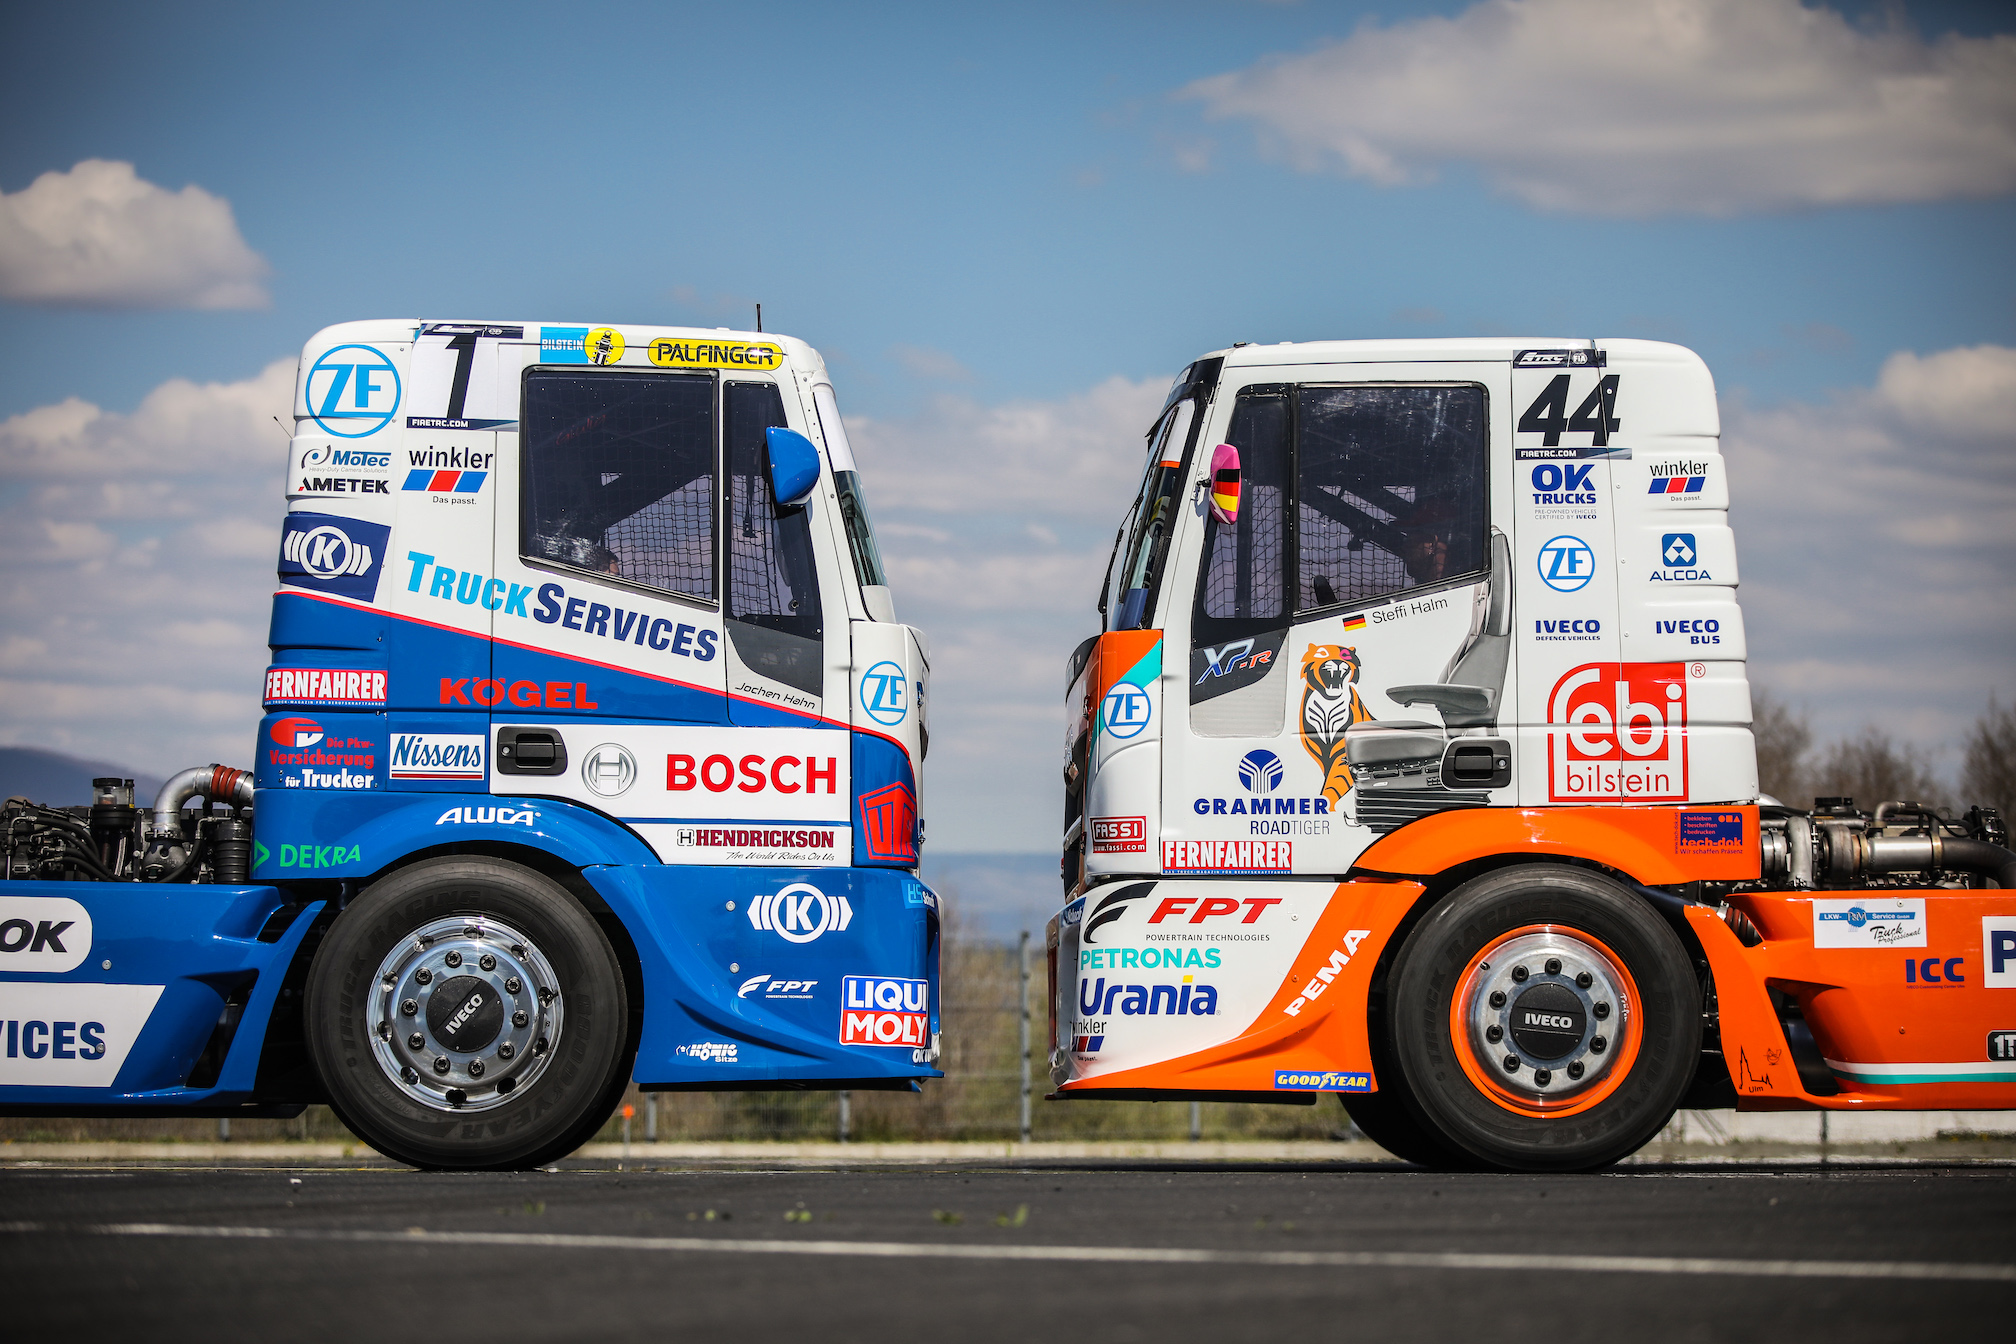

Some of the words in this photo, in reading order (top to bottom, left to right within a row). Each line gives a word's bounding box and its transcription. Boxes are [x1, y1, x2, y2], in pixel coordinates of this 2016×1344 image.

[541, 339, 584, 352] BILSTEIN
[657, 343, 774, 366] PALFINGER
[445, 335, 478, 420] 1
[1517, 374, 1621, 447] 44
[409, 446, 494, 469] winkler
[1649, 460, 1709, 477] winkler
[298, 477, 390, 495] AMETEK
[1531, 464, 1596, 492] OK
[432, 496, 449, 504] Das
[451, 497, 477, 505] passt.
[1532, 493, 1597, 505] TRUCKS
[311, 535, 342, 571] K
[1649, 570, 1712, 581] ALCOA
[1372, 607, 1408, 625] Steffi
[1410, 596, 1449, 616] Halm
[1536, 619, 1601, 634] IVECO
[1656, 619, 1720, 634] IVECO
[1690, 635, 1721, 645] BUS
[265, 671, 386, 700] FERNFAHRER
[440, 676, 599, 710] KÖGEL
[735, 683, 781, 701] Jochen
[783, 693, 816, 710] Hahn
[1553, 667, 1684, 760] febi
[327, 737, 345, 748] Die
[347, 737, 375, 749] Pkw-
[392, 736, 482, 768] Nissens
[270, 748, 375, 770] Versicherung
[285, 776, 302, 788] für
[302, 768, 375, 789] Trucker
[667, 754, 838, 794] BOSCH
[1567, 764, 1670, 792] bilstein
[435, 807, 535, 826] ALUCA
[1194, 798, 1330, 815] GRAMMER
[696, 829, 835, 848] HENDRICKSON
[1095, 823, 1139, 838] FASSI
[1250, 821, 1331, 836] ROADTIGER
[1682, 837, 1742, 847] tech-dok
[280, 844, 361, 868] DEKRA
[726, 851, 744, 861] The
[745, 851, 774, 861] World
[779, 852, 806, 861] Rides
[808, 852, 821, 861] On
[822, 853, 835, 861] Us
[1164, 841, 1291, 868] FERNFAHRER
[786, 895, 816, 931] K
[1147, 898, 1284, 924] FPT
[1146, 934, 1203, 942] POWERTRAIN
[1205, 934, 1270, 942] TECHNOLOGIES
[1869, 922, 1903, 940] Truck
[1878, 927, 1921, 945] Professional
[1080, 948, 1222, 970] PETRONAS
[1905, 957, 1965, 983] ICC
[1283, 930, 1372, 1017] PEMA
[766, 980, 818, 993] FPT
[848, 979, 928, 1012] LIQUI
[1080, 975, 1219, 1016] Urania
[445, 993, 484, 1035] IVECO
[1525, 1013, 1573, 1030] IVECO
[846, 1012, 927, 1045] MOLY

● ● ● ● ● ● ●

§ **Work task**
If a line in the records holds the string "IVECO", copy it.

§ **Result of the exercise**
[1536, 619, 1601, 634] IVECO
[1656, 619, 1720, 634] IVECO
[445, 993, 484, 1035] IVECO
[1525, 1013, 1573, 1030] IVECO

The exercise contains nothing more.